On May 27, 1955, A. C. Penrose, acting chief of the fire department, notified the Board of Trustees of the Police and Fire Retirement System (Board of Trustees) of plaintiff’s heart attack.1
On May 31, 1955, Board of Trustees took action reflected in its minutes as follows: “The disability of Fire Engineer Theodore A. Godshalk was reported as of May 22, 1955. Disability due to Coronary Thrombosis. Engineer Godshalk was absent from duty from May 22, 1955 until further notice.” The minutes of the meeting held May 31, 1955 contained only the foregoing with regard to plaintiff.
A printed form of notice over the signatures of the Chairman and Secre> tary of Board of Trustees to the City Auditor and Controller and City Treasurer, under date of May 31,1955, was as follows:
“You are hereby notified that the Board of Trustees of the Police and Fire Retirement System made a determination with respect to the disability of Theodore A. Godshalk of the Fire Department at its meeting on 5-31-1955.

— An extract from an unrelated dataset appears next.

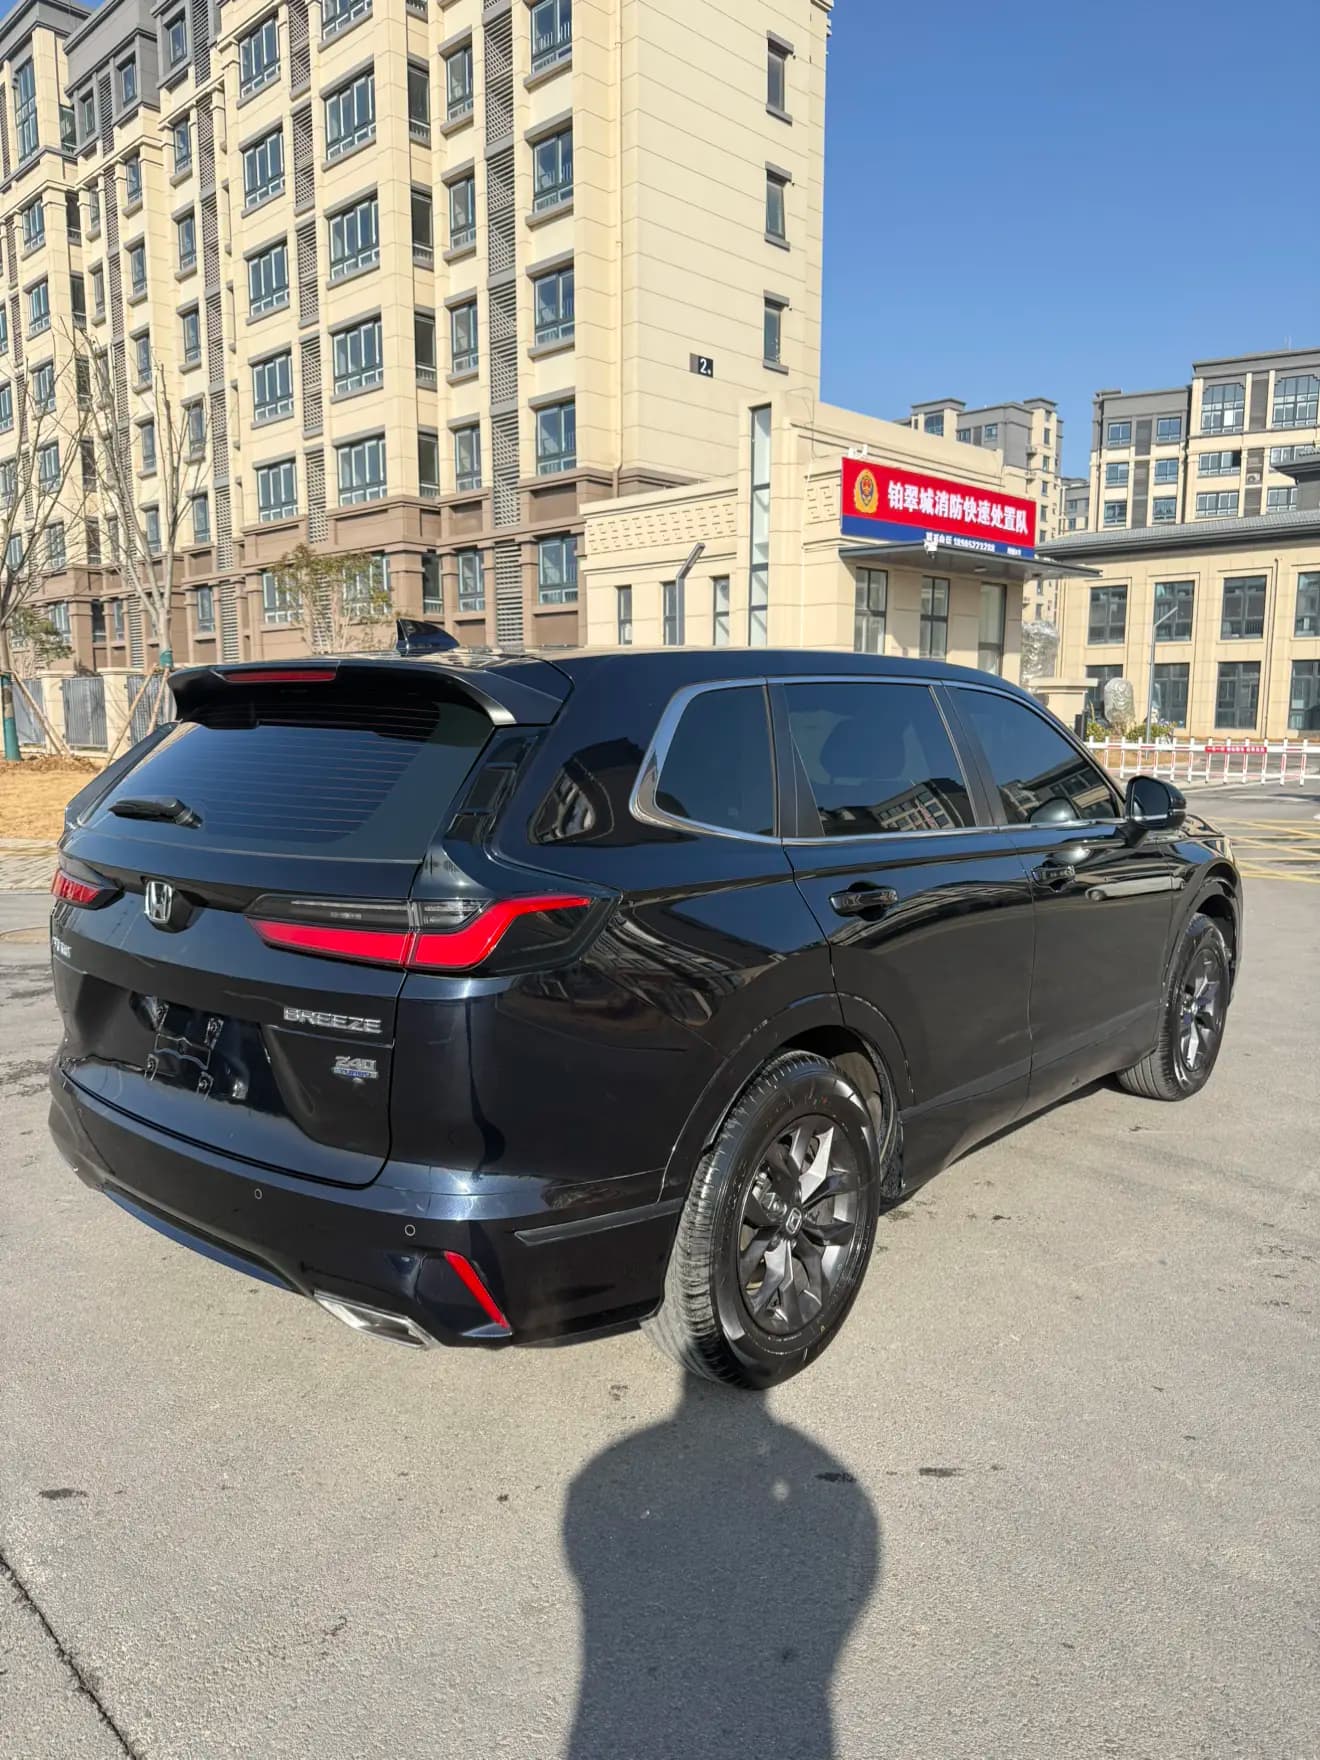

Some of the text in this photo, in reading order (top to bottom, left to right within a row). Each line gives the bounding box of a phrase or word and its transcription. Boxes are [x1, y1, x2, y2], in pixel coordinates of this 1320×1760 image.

“The Board of Trustees has determined by evidence submitted that the above named member is physically or mentally disabled by reason of bodily *463injuries received in, or by reason of sickness caused by, the discharge of duty, or as a result thereof, to such an extent that he is entitled to receive in lieu of the benefits of Section 163 of Article X, a sum of money equal to his full salary, for a time not to exceed one year of such disability, minus, however, such Workmen’s Compensation Benefits as said member shall have received for such period of time as he is paid the sum equal to his salary.”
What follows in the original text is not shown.